Post by dreamer on Mar 29, 2008 10:19:23 GMT -5
Katharine Hepburn's Papers Take Stage
March 27, 2008
By Mark Dundas Wood
In the spring of 1970, Katharine Hepburn was portraying fashion designer Coco Chanel in the Alan Jay Lerner-André Previn musical Coco on Broadway. On May 8, after taking her curtain call, she addressed the audience about the killing of four students four days earlier at Kent State University by the Ohio National Guard.
"Our generation are responsible," she said, "and we must take time to pause and reflect and do something. You can pray, but we must think, and together, for if we don't we are lost." Hepburn then invited the audience to remain in the theatre to observe a moment of silence.
Hepburn had been prompted to speak that night by actor Keir Dullea, who was then on Broadway in Butterflies Are Free. The telegram Dullea sent Hepburn on May 7 and the handwritten speech she delivered the following evening are part of Hepburn's theatre-related papers, which were donated by her estate to the New York Public Library for the Performing Arts in fall 2007, four years after her death. (Hepburn's film-related papers were sent to the Margaret Herrick Library of the Academy of Motion Picture Arts and Sciences in Beverly Hills, Calif.)

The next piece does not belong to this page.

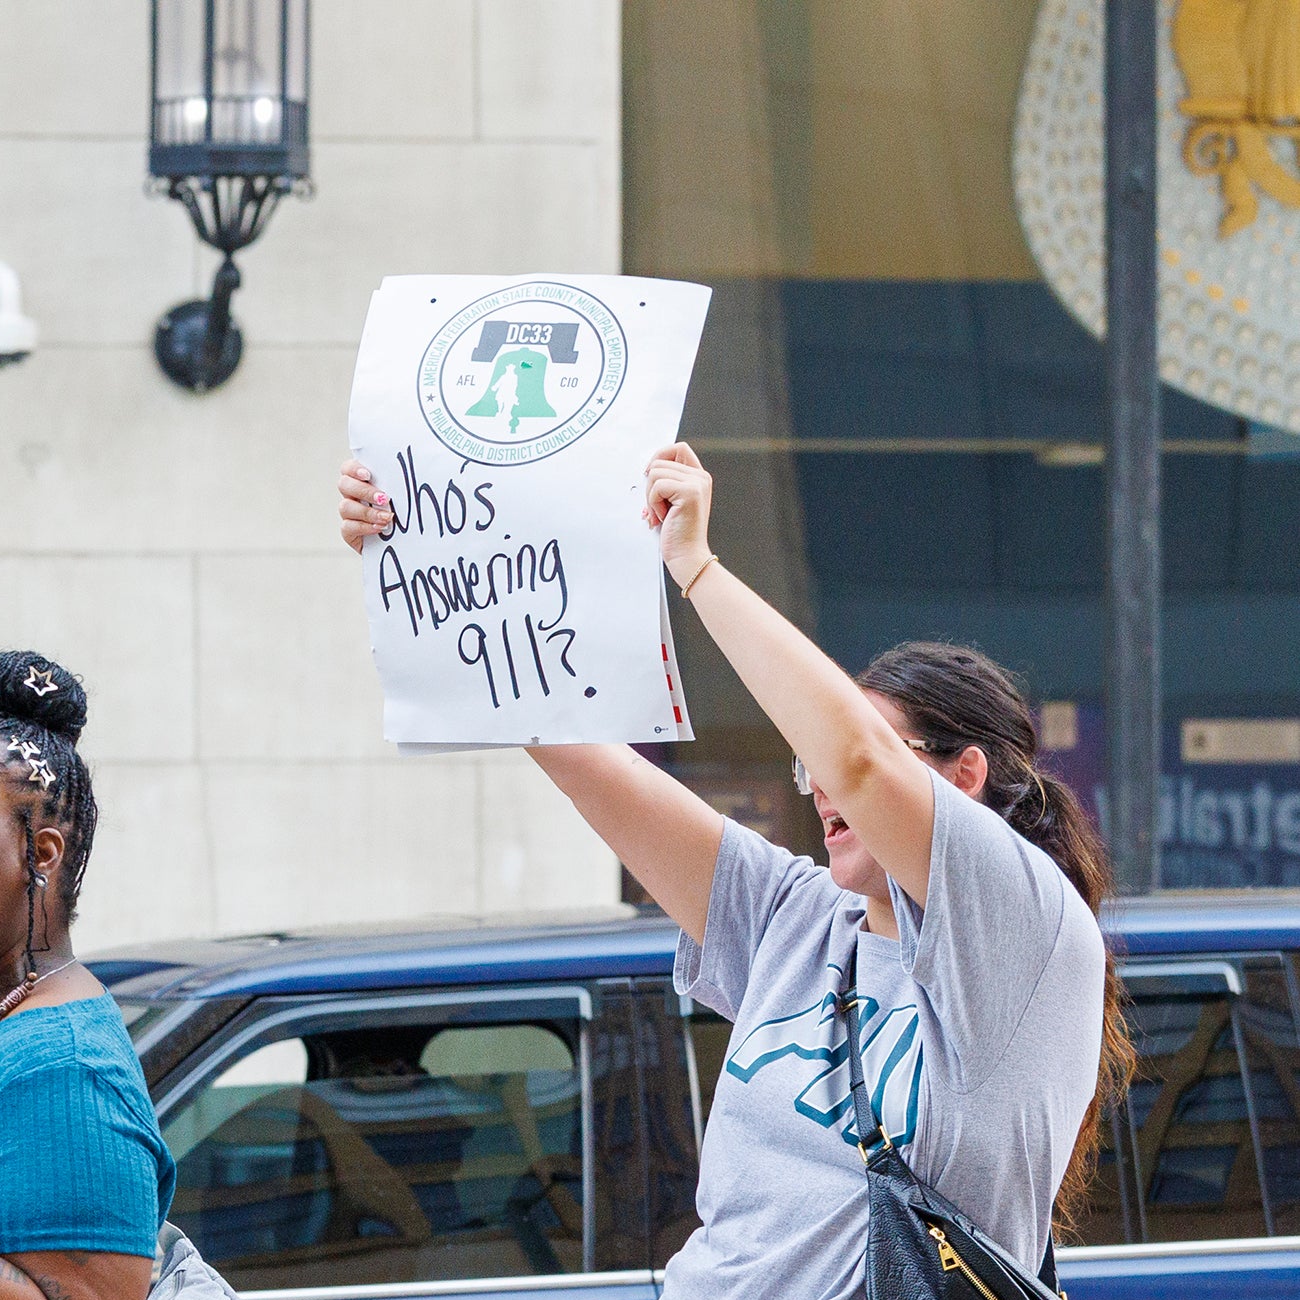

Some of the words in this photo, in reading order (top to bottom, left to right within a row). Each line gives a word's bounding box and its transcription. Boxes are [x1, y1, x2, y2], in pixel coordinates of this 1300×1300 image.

To celebrate the acquisition of the Hepburn papers, the library is presenting a series of programs at which the star's friends and colleagues will reminisce and read from items in the collection. The series began Feb. 19 with an evening featuring Zoe Caldwell and Sam Waterston (at which the Kent State speech was read). The remaining evenings include appearances by director Anthony Harvey (March 31), Hepburn's niece Katharine Houghton and good friend Charlotte Moore (April 12), and Dick Cavett and Marian Seldes (April 28).
Hepburn's papers include letters, congratulatory telegrams, and fan mail. Alan Pally, the library's manager of public programs, noted that Hepburn was a diligent correspondent and that her treasure trove arrived at the library in relatively good condition. "Normally when you get somebody's collection," he said, "you don't get the letters they wrote. Those are in somebody else's collection. But Kate sometimes scrawled the response on the bottom of a letter that she'd got, so that Phyllis [Wilbourn], her assistant, could then type the letter and send it off. So sometimes we do have her side of the story."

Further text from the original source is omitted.